En utilisant des fours à convection, nous maîtrisons la température au degré près. Cette torréfaction se situe souvent aux alentours des 110 degrés, avec des pics à 125°C et des minimales proches des 95°C.
Cela nous distingue de certains artisans torréfacteurs, qui torréfient aux alentours des 250°C, et des pratiques industrielles où l’on peut atteindre les 800°C pendant quelques instants : on parle de torréfaction “flash”. À ces températures, on dépasse le point de Maillard qui apportera, par sa caramélisation, l’amertume.
Nous n’utilisons pas de torréfacteurs à tambours, comme on peut le voir chez les torréfacteurs de café. S’ils sont très esthétiques, ils sont encore peu adaptés à la torréfaction douce du cacao (vitesse de rotation des tambours, température et précision des brûleurs, choc des fèves).

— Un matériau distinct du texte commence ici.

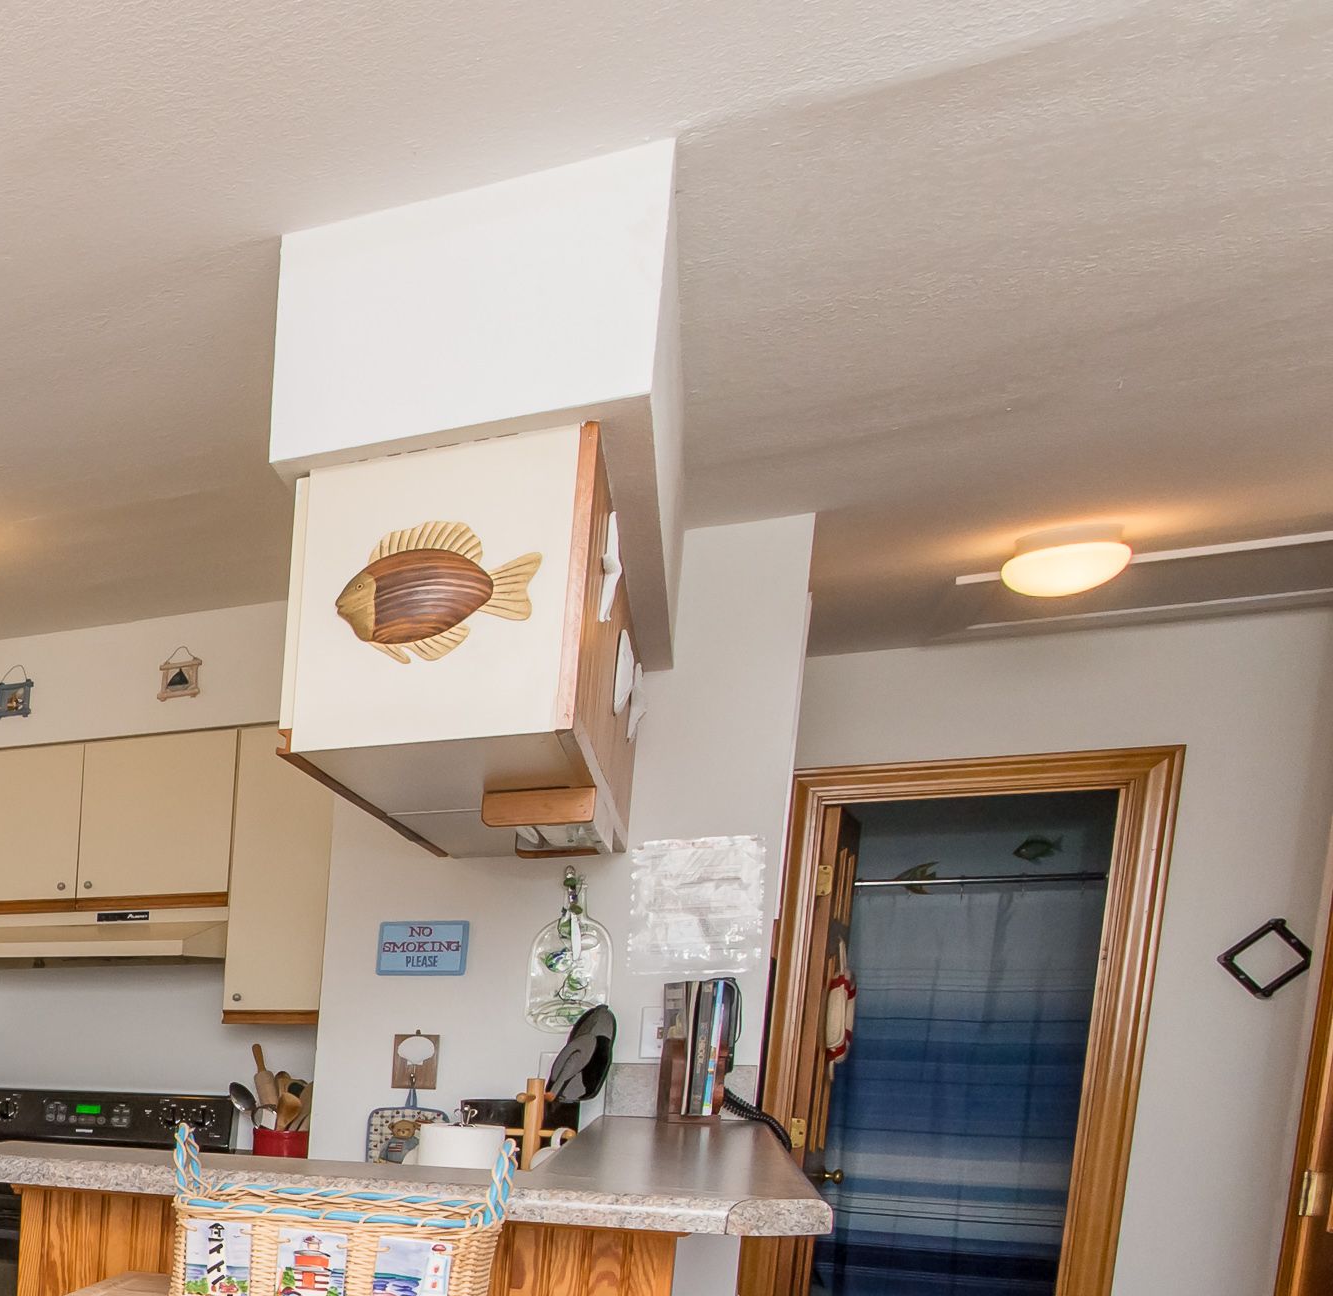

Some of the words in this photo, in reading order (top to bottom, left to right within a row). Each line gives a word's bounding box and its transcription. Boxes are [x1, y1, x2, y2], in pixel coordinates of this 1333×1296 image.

[409, 926, 433, 937] NO
[382, 941, 462, 953] SMOKING
[405, 955, 439, 967] PLEASE

Il existe d'autres facteurs gustatifs importants et souvent utilisés en chocolaterie traditionnelle : le beurre de cacao et la vanille sont des ingrédients ajoutés au chocolat et qui permettent d’ajuster son amertume.
Chez Ōme, nous n’utilisons pas ces ingrédients car nous avons à cœur de créer un chocolat pur et expressif, reflet du terroir de nos producteurs.

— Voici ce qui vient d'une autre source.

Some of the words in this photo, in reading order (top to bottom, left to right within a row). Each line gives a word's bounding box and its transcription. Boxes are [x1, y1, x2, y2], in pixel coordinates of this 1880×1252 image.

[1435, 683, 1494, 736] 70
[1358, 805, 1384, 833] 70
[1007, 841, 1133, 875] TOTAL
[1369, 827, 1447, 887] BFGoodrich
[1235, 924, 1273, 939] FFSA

En résumé, pour éviter d’avoir à uniformiser le goût du chocolat en brûlant les fèves lors de la torréfaction ou en y ajoutant du beurre de cacao pour l’adoucir ou masquer ses défauts, il faut sélectionner des fèves de qualité !
Nous pouvons par exemple vous conseiller nos tablettes Hacienda dos Lagunas et Tien Giang, qui relèvent bien plus des univers floraux et épicés que de celui de l’amertume.
Quant à notre tablette en 100%, elle pourrait bien vous surprendre…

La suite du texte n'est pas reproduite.